E, per incentivare le donazioni, sono previsti anche premi ai primi tre singoli fundraiser, a cui sarà riconosciuta l’iscrizione gratuita per la prossima edizione della Padova Marathon, e l’istituzione del “Premio Rete del Dono”, destinato alle prime tre onlus che abbiano superato i 15.000 euro di raccolta fondi sul portale di Rete del Dono: 1.500 euro saranno assegnati alla prima associazione che abbia superato i 15.000 euro, 1.000 euro alla seconda, 500 euro alla terza. Diverse fra le onlus presenti hanno già individuato un progetto specifico da abbinare all’evento, quelle che ancora non l’hanno fatto lo indicheranno nelle prossime settimane scegliendo un proprio testimonial che le rappresenterà ufficialmente.

«Siamo al lavoro per un’edizione davvero speciale: la numero 20. Sarà ancora più ricca, entusiasmante e… solidale delle precedenti. Per noi la maratona non è “soltanto” un grande appuntamento sportivo, ma un punto di riferimento per la città e la provincia, nonché una prestigiosa vetrina per le migliori eccellenze del territorio. E l’esempio più fulgido a riguardo è proprio quello delle charities. Sulla scia degli ottimi risultati raggiunti lo scorso aprile ripartiamo con un obiettivo ancora più ambizioso: vogliamo superare gli 82 mila euro raccolti in via diretta nella scorsa edizione», sottolinea Leopoldo Destro, presidente di Assindustria Sport, la società che organizza l’evento. «Oggi sono convinto che sia ancora possibile crescere e migliorare: sono sicuro che nella prossima edizione, fissata per il 28 aprile 2019, il percorso che abbiamo avviato potrà offrire frutti ancora più rilevanti e lo testimonia il fatto che tre nuove realtà abbiano deciso di correre con noi per la prima volta: sono la Fondazione Foresta Onlus, che sarà presente con un progetto sull’osteoporosi maschile, l’Università degli studi di Padova e la Fondazione Banca degli Occhi».
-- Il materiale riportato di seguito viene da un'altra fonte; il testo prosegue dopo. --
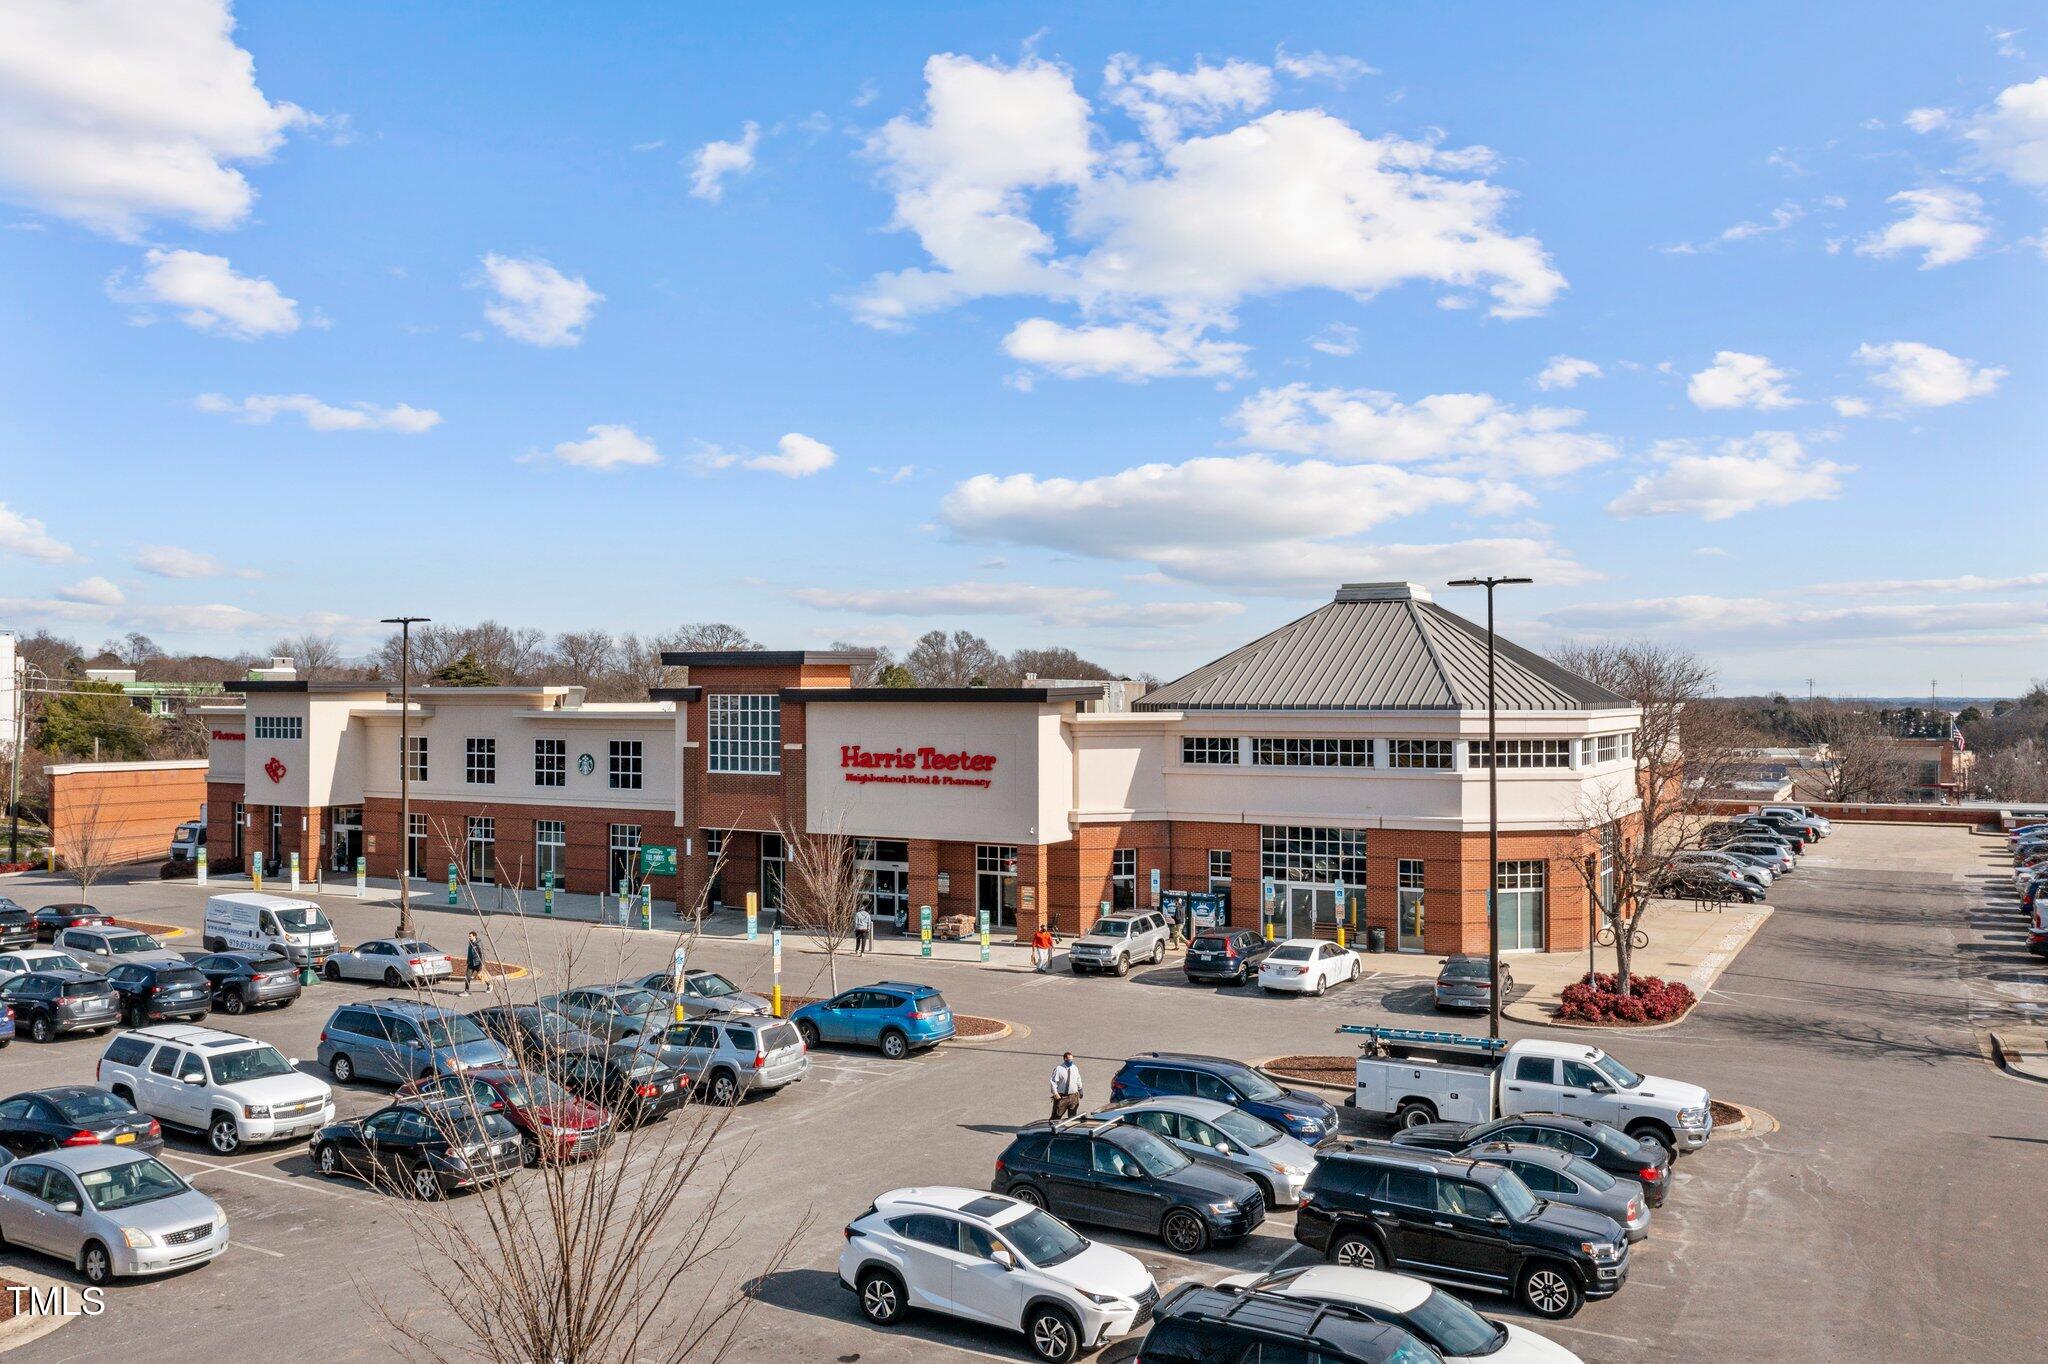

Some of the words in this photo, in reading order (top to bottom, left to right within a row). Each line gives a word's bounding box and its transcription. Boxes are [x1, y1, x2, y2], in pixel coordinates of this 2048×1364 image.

[840, 745, 917, 769] Harris
[917, 747, 997, 771] Teeter
[845, 773, 907, 784] Neighborhood
[908, 775, 930, 785] Food
[931, 775, 942, 785] &
[942, 776, 991, 788] Pharmacy
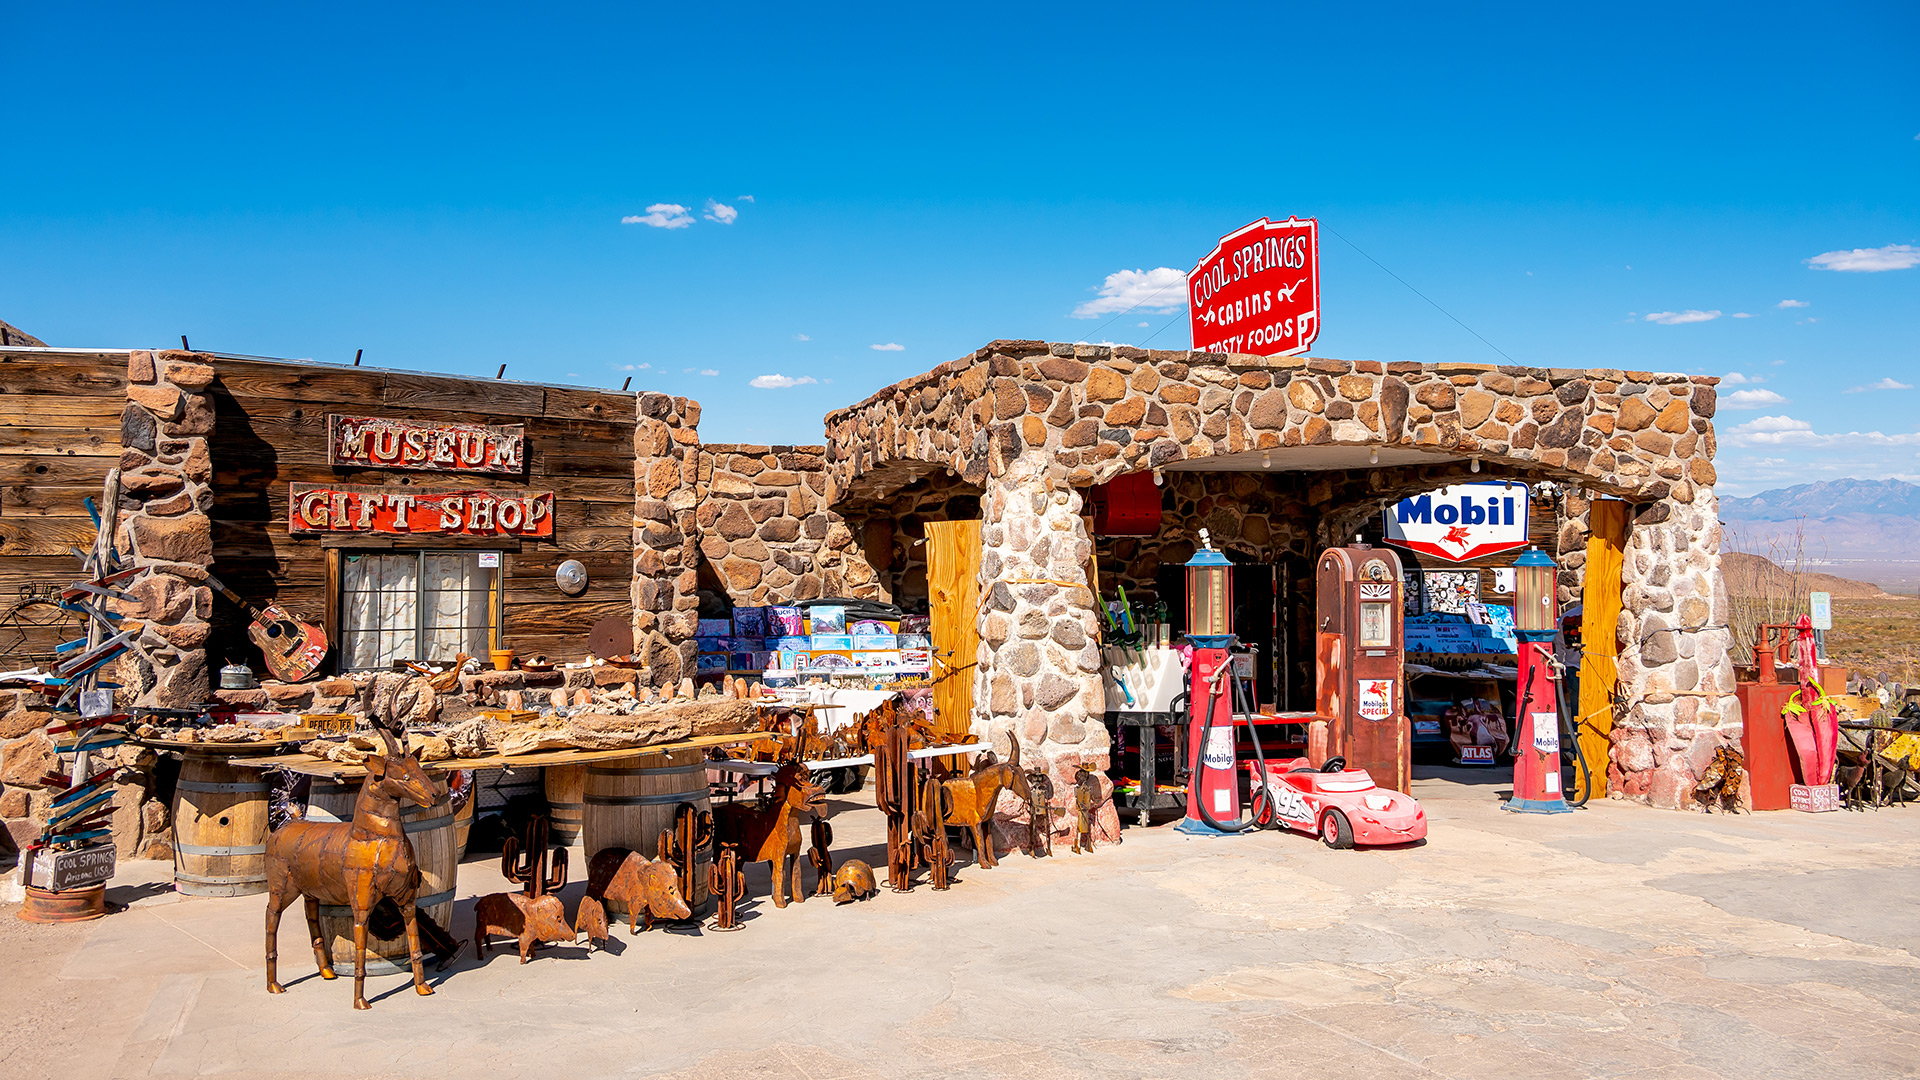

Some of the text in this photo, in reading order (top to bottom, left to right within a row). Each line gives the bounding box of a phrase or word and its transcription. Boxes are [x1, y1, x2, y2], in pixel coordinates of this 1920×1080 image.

Un’iniziativa che la Provincia di Padova ha accolto con entusiasmo: «La nuova edizione della Padova Marathon», afferma il Presidente Fabio Bui, «si avvicina e i numeri sono ogni anno più importanti, soprattutto per quanto riguarda la solidarietà. Alla Maratona ci sarà un campione sportivo che arriverà al traguardo, ma vincerà soprattutto la solidarietà. Non abbiamo neanche idea di quanto volontariato e disponibilità ci sia in tutte le associazioni che oggi hanno già aderito alla Rete del Dono e la Maratona è la più grande vetrina per presentarci nel territorio. Il significato è proprio quello di mettere questa grande impresa a disposizione degli altri. Solo con l’impegno e la determinazione infatti si possono ottenere importanti risultati e in questo caso i progetti in cantiere sono moltissimi e tutti meritevoli perché serviranno a sostenere le persone più deboli. La Maratona ha catalizzato negli anni le migliori energie del territorio, unite dal comune intento di dare un’immagine efficace di quanto di meglio possiamo offrire in termini di sport, accoglienza, natura, cultura e solidarietà».

«La Padova Marathon», dice Diego Bonavina, Assessore allo Sport del Comune di Padova, «è un grandissimo evento e noi siamo pronti a sostenerlo con enorme entusiasmo. Il coinvolgimento sempre più numeroso delle charities rende il tutto ancora più fantastico, vuol dire che la gente ci crede ed è partecipe. Sport è integrazione, prevenzione, salute, ma anche solidarietà. L’amministrazione comunale è felice quindi di partecipare a questa grande manifestazione che consentirà di costruire insieme splendidi risultati».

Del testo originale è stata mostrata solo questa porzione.